L’auteur se propose de relire cette biographie dans le contexte du débat sur la chevalerie vers 1400, tout en la remettant dans son contexte. Son premier chapitre (»The Life of Jean II Le Meingre, dit Boucicaut [1366–1421]«, p. 11–47) est d’ailleurs consacré à la vie de Boucicaut, reprenant Denis Lalande, tout en le complétant par des sources que celui-ci n’avait pas vues ou par des travaux publiés depuis la parution de son livre. L’auteur présente sa famille (son père homonyme de nom et de sobriquet, déjà maréchal de France) et ses débuts, son élévation au maréchalat en 1391 (à 25 ans), l’expédition de Nicopolis en 1396, le secours à Constantinople en 1399, les »communautés chevaleresques« en 1400–1401 (Boucicaut ayant fondé son ordre de la Dame blanche à l’écu vert le 11 avril 14004), le gouvernat de Gênes de 1401 à 1410 et la tentative de résoudre le Grand Schisme, le retour en France, Azincourt, la captivité et la mort.

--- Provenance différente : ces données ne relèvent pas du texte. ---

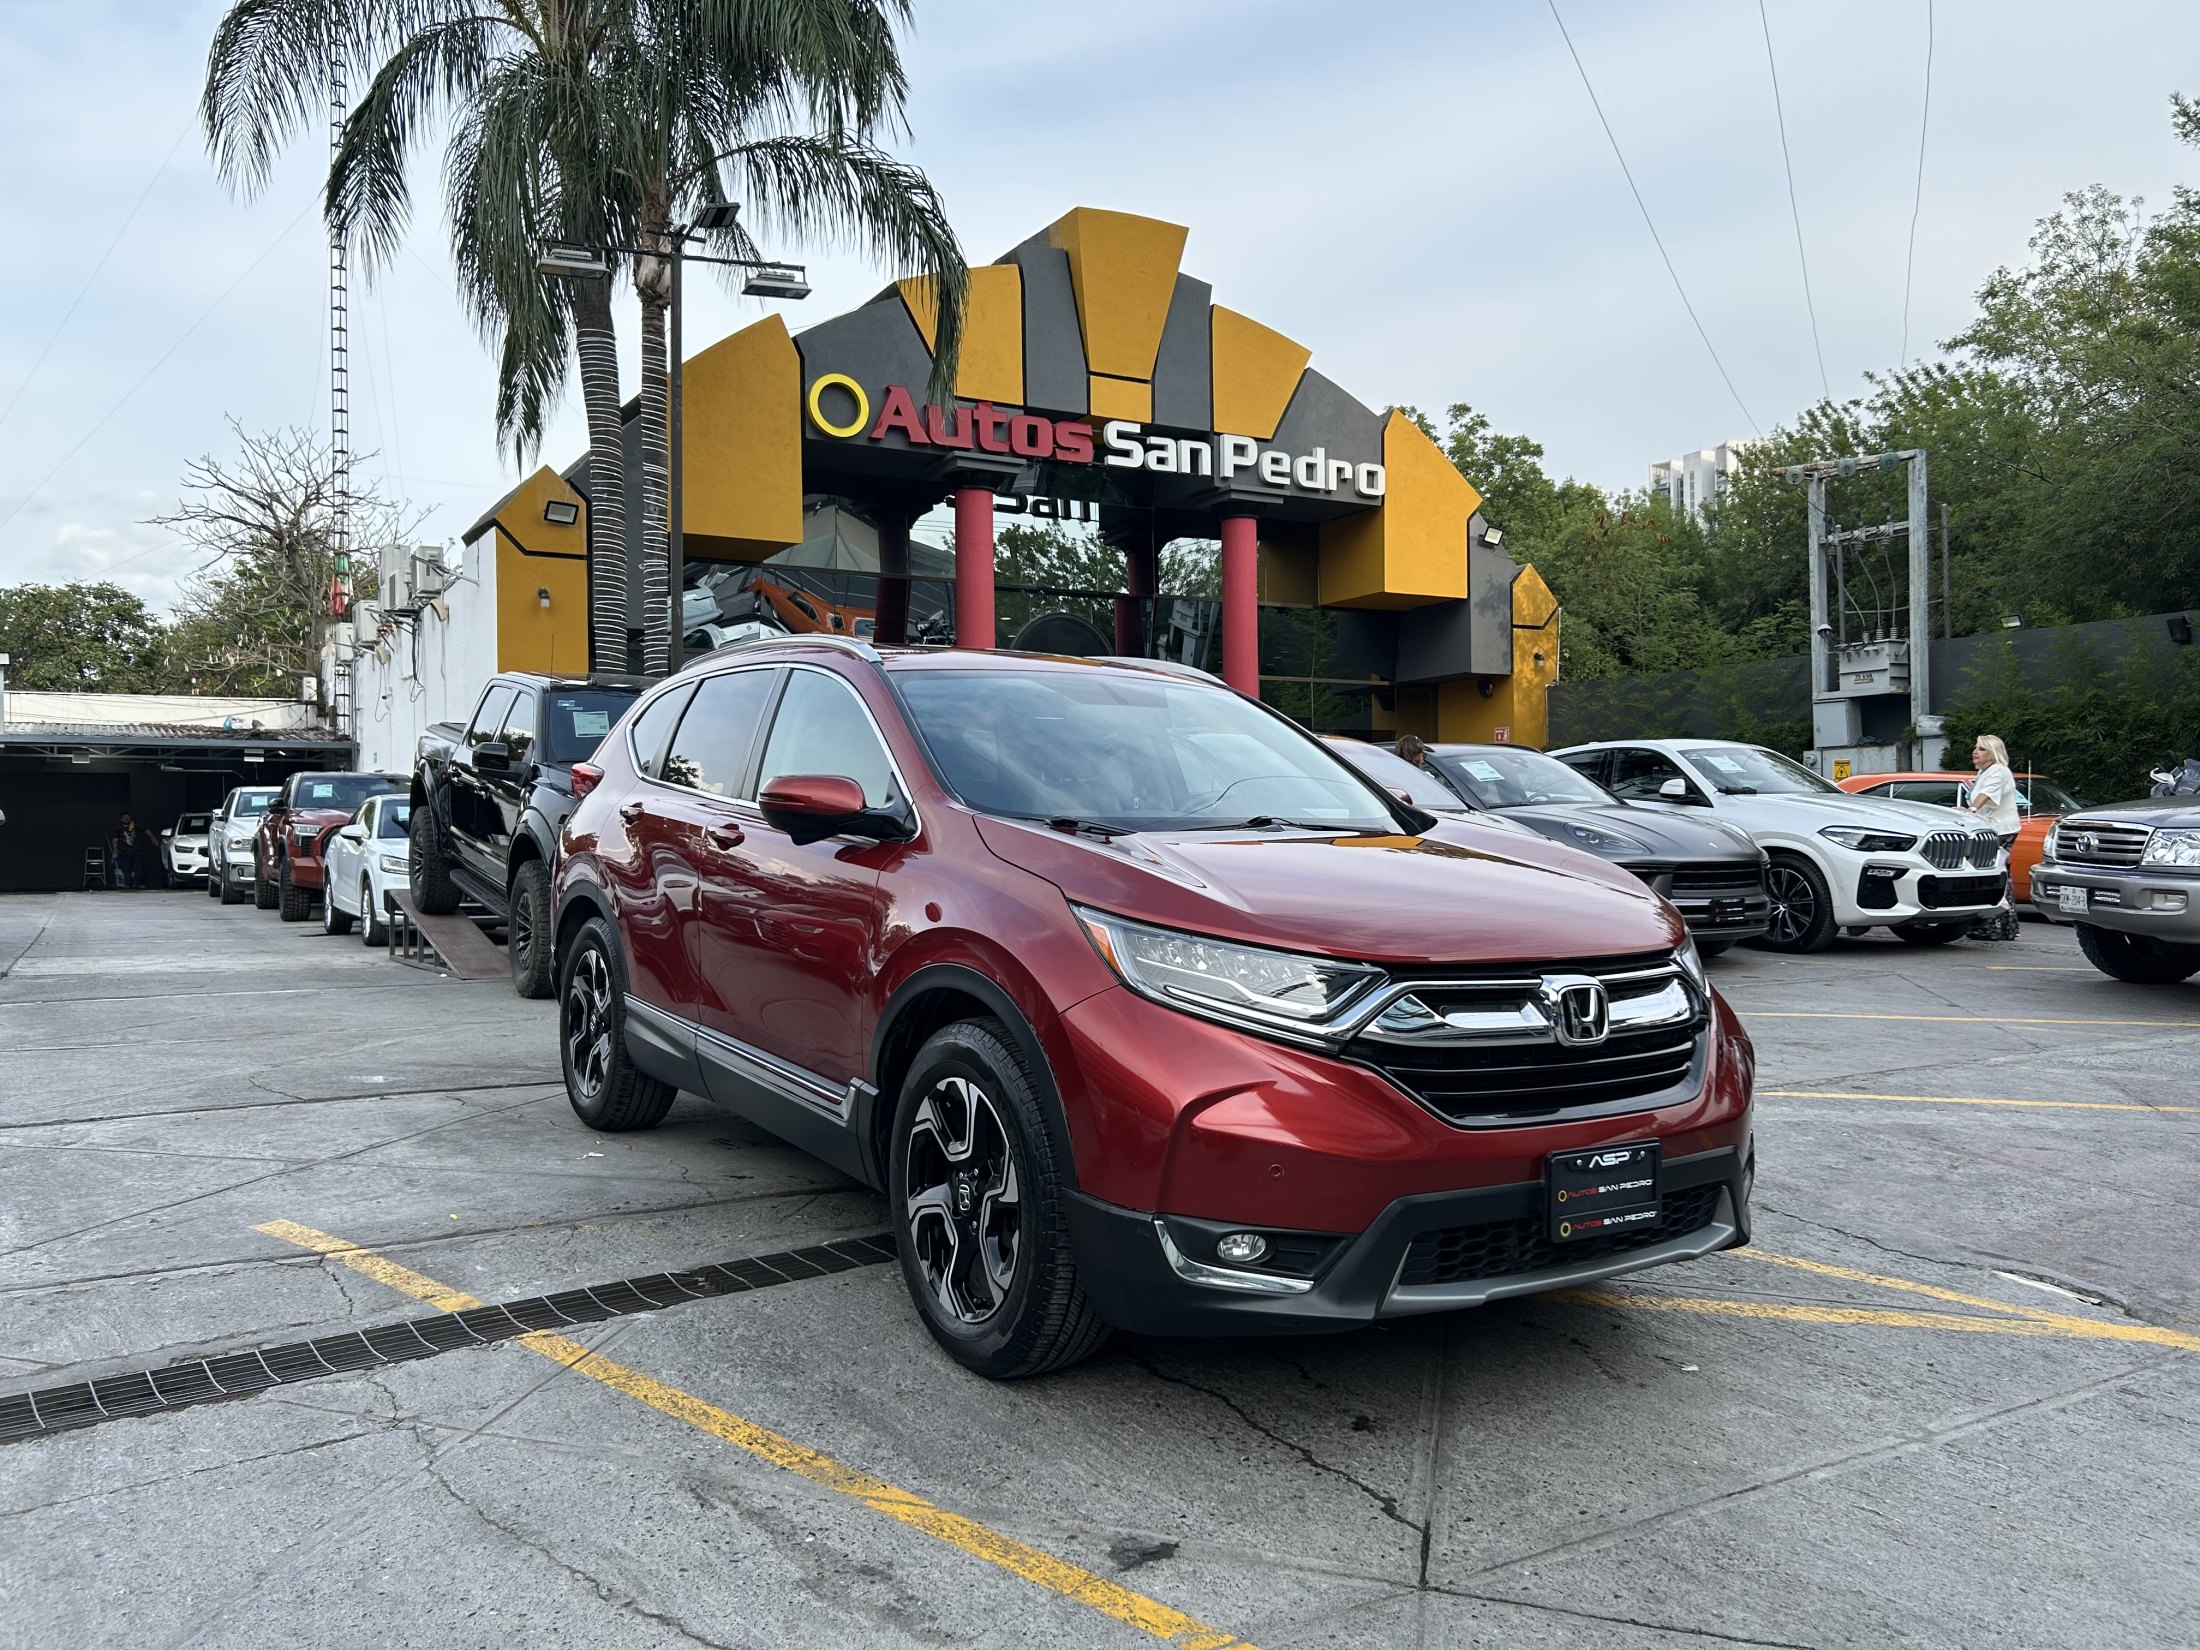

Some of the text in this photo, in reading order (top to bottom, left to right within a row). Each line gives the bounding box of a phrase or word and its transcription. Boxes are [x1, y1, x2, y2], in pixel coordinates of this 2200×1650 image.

Après la vie, vient l’étude du récit de cette vie, objet du deuxième chapitre (»The Livre des fais du bon messire Jehan le Maingre«, p. 48–73). Le »Livre« fut rédigé du vivant même de Boucicaut (ce qui était inhabituel), fut achevé le 9 avril 1409 et est conservé en un seul manuscrit (BnF, ms. fr. 11 432, publié par Denis Lalande en 19855), où l’on a laissé des espaces libres pour des miniatures. L’auteur en est anonyme et déclare écrire à la demande de plusieurs chevaliers proches du maréchal depuis sa jeunesse afin que ne périssent pas »le nom et bienfait de si vaillant preudomme«6. Cependant, le »Livre« a été achevé dans la hâte, ce qui incite Craig Taylor à penser que le public visé était la cour de France (notamment les princes du sang), où l’on médisait du gouverneur de Gênes. Le problème non résolu est celui de l’auteur. Hélène Millet a proposé Nicolas de Gonesse, qui aurait été chapelain de Boucicaut à partir de 1405. Si l’on pouvait lui attribuer la quatrième partie sur les vertus et bonnes mœurs du maréchal, tout ce qui concerne sa vie propre ne pourrait venir que d’un compagnon d’armes, Jean de Châteaumorand, ou Jean d’Ogny (et non d’Ony) qui a la préférence de Craig Taylor.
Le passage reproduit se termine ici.